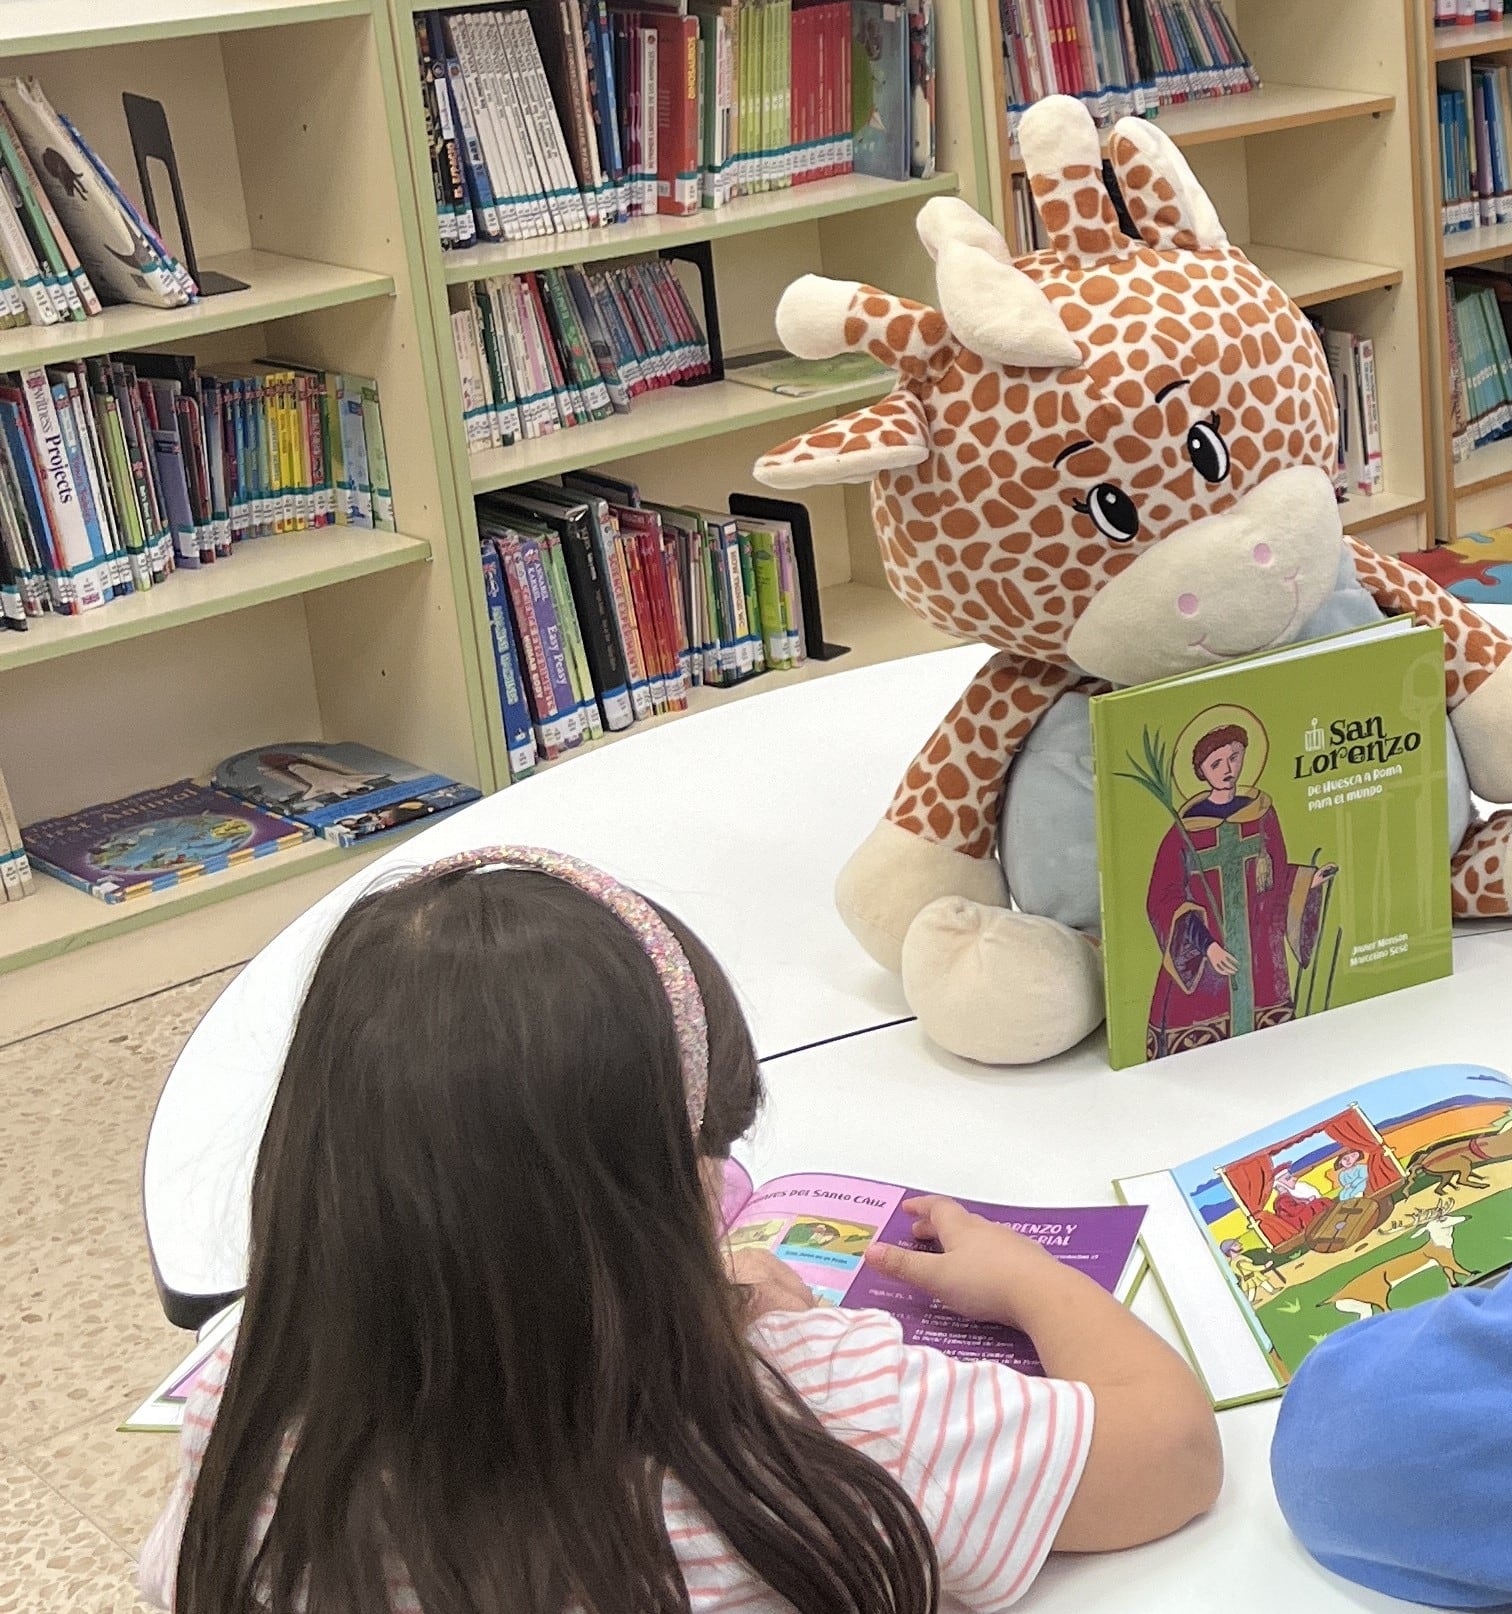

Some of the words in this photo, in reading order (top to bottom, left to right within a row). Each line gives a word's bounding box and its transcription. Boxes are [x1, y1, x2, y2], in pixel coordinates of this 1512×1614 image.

[28, 369, 53, 433] Ewitness
[45, 434, 73, 504] Projects
[608, 553, 624, 599] SCIENCE
[617, 601, 638, 679] EXPERIMENTS
[547, 624, 560, 654] Easy
[554, 653, 568, 686] Peasy
[1329, 715, 1388, 746] San
[1293, 731, 1421, 779] Lorenzo
[1029, 1234, 1071, 1246] RIAL
[1065, 1223, 1078, 1235] Y
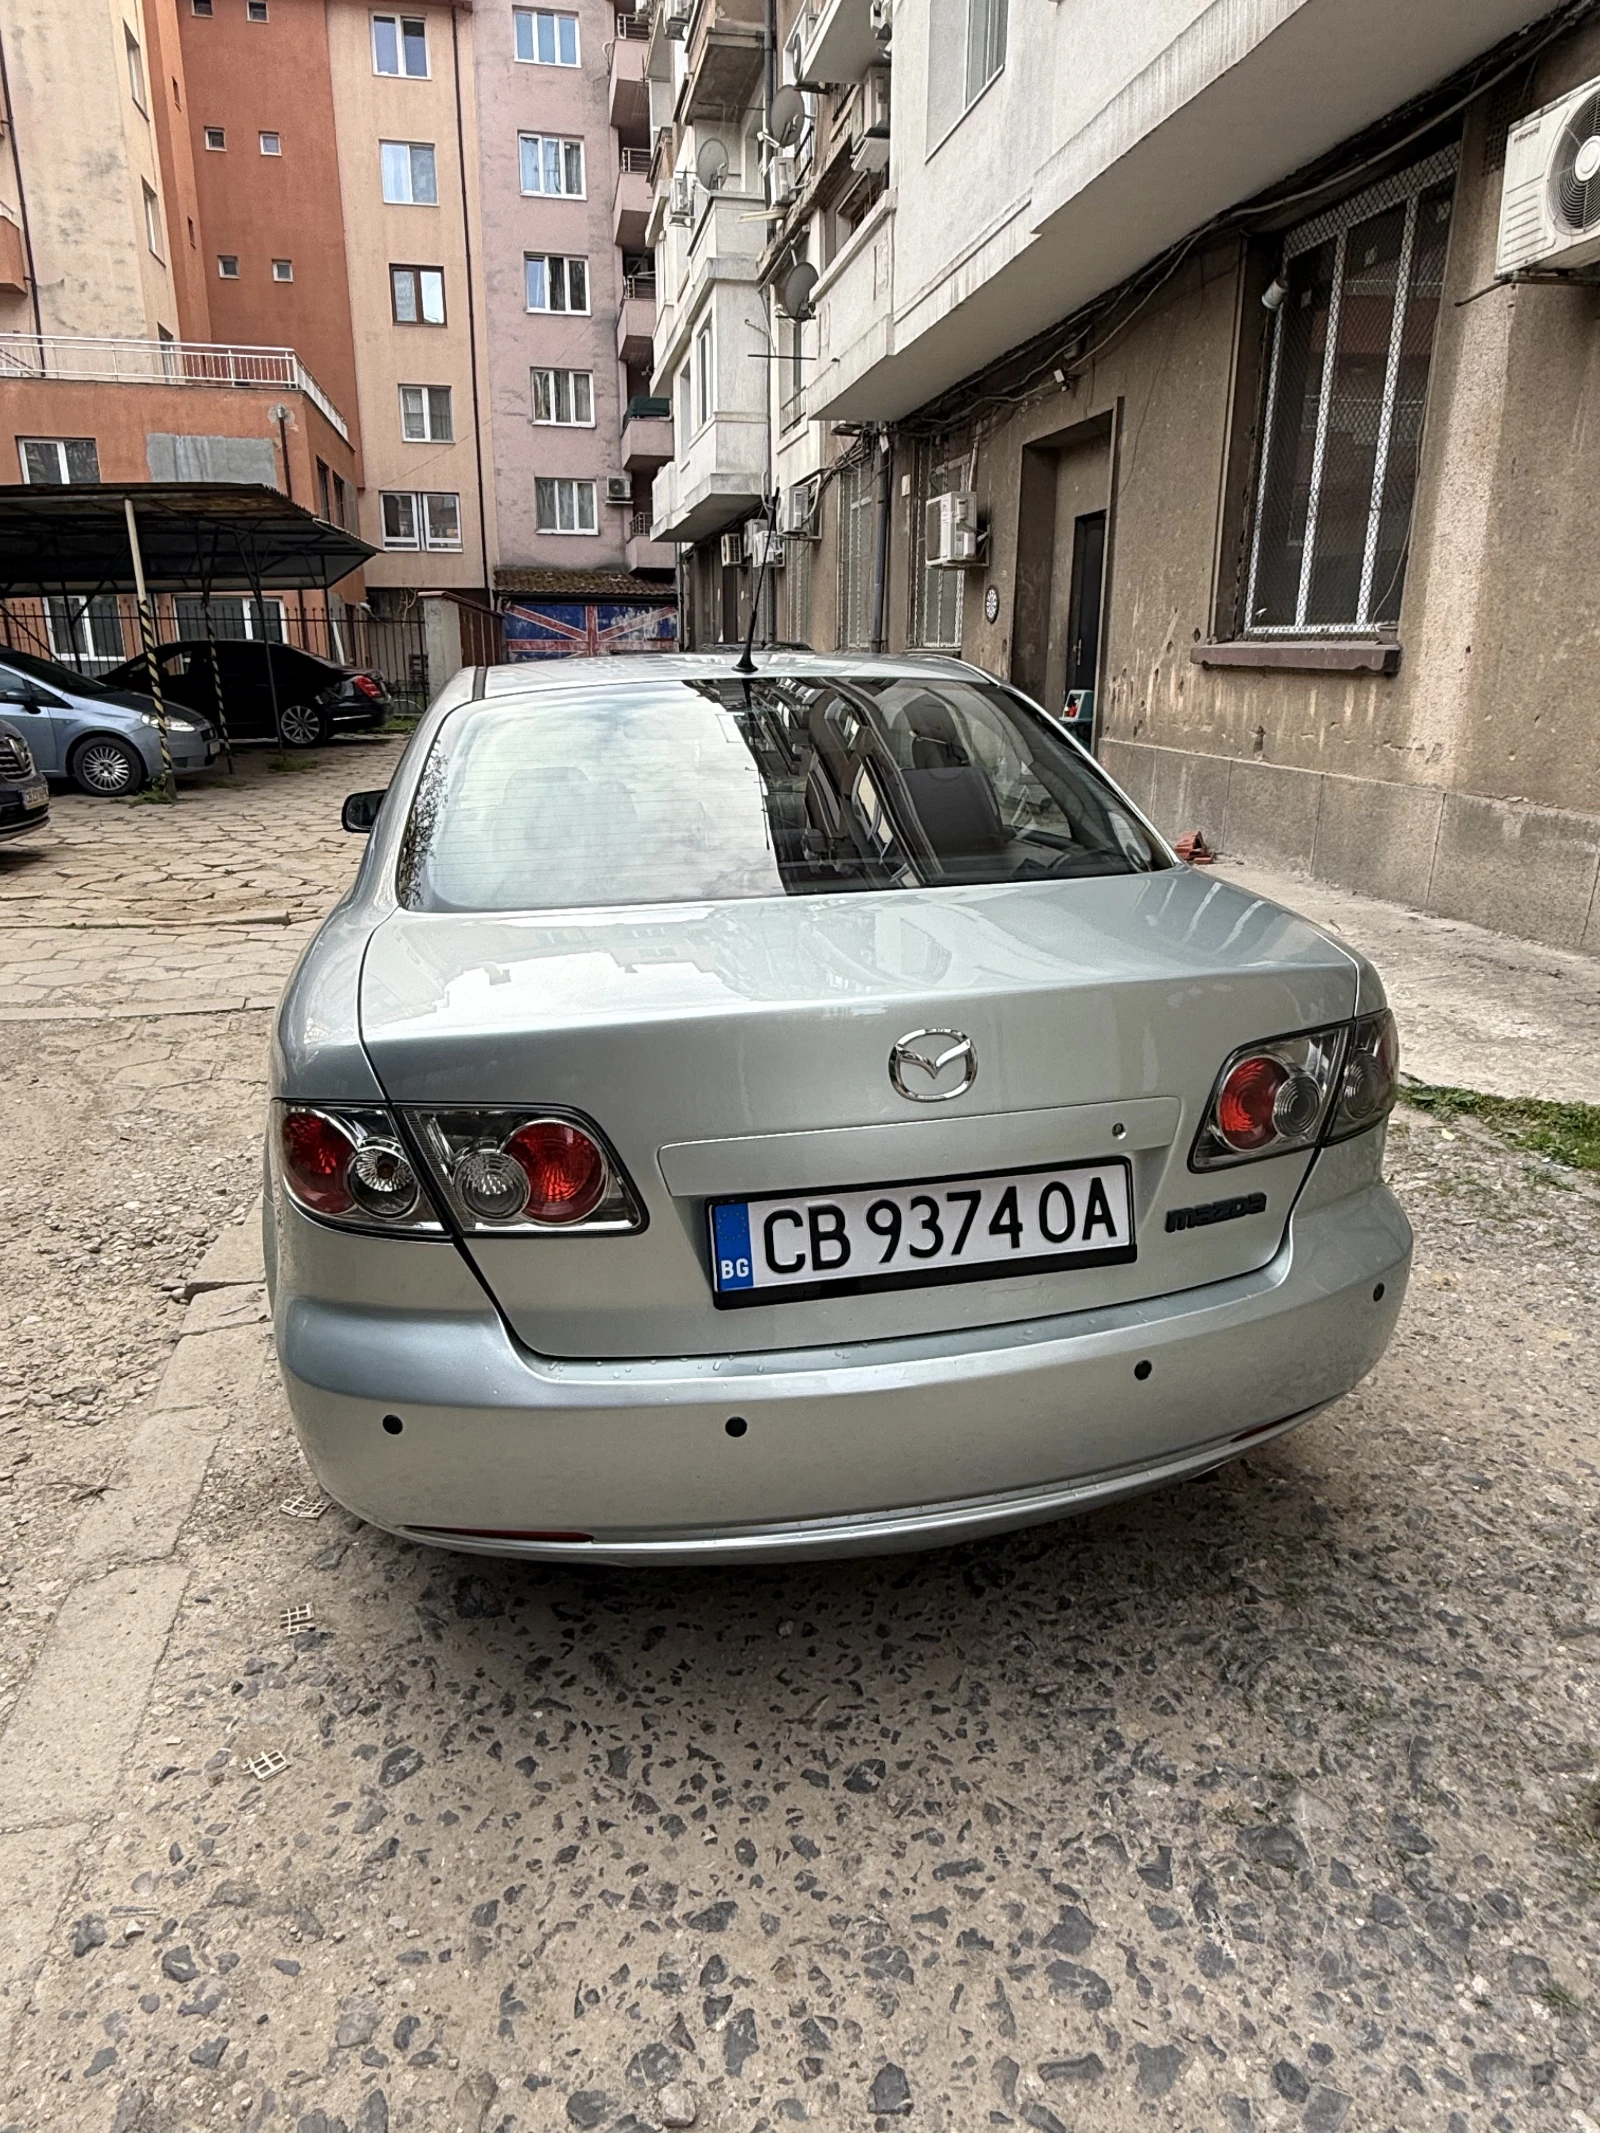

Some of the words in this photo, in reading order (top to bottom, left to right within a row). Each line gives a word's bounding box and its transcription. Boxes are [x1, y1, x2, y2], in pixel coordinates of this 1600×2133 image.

[764, 1205, 851, 1273] CB
[866, 1187, 1022, 1263] 9374
[1039, 1177, 1117, 1243] OA
[720, 1257, 750, 1280] BG
___
Exercise
Repeat the entries faithfully. Any picture gets left out.

Answer to this task
Some of the words in this photo, in reading order (top to bottom, left to right within a row). Each line gives a word's bounding box and its transcription. Boxes are [x1, y1, x2, y2], in pixel coordinates of this 1512×1614 image.

[28, 369, 53, 433] Ewitness
[45, 434, 73, 504] Projects
[608, 553, 624, 599] SCIENCE
[617, 601, 638, 679] EXPERIMENTS
[547, 624, 560, 654] Easy
[554, 653, 568, 686] Peasy
[1329, 715, 1388, 746] San
[1293, 731, 1421, 779] Lorenzo
[1029, 1234, 1071, 1246] RIAL
[1065, 1223, 1078, 1235] Y

Some of the words in this photo, in reading order (top to bottom, left to right within a row). Each line gives a word's bounding box and its transcription. Boxes are [x1, y1, x2, y2], in pixel coordinates of this 1600×2133 image.

[764, 1205, 851, 1273] CB
[866, 1187, 1022, 1263] 9374
[1039, 1177, 1117, 1243] OA
[720, 1257, 750, 1280] BG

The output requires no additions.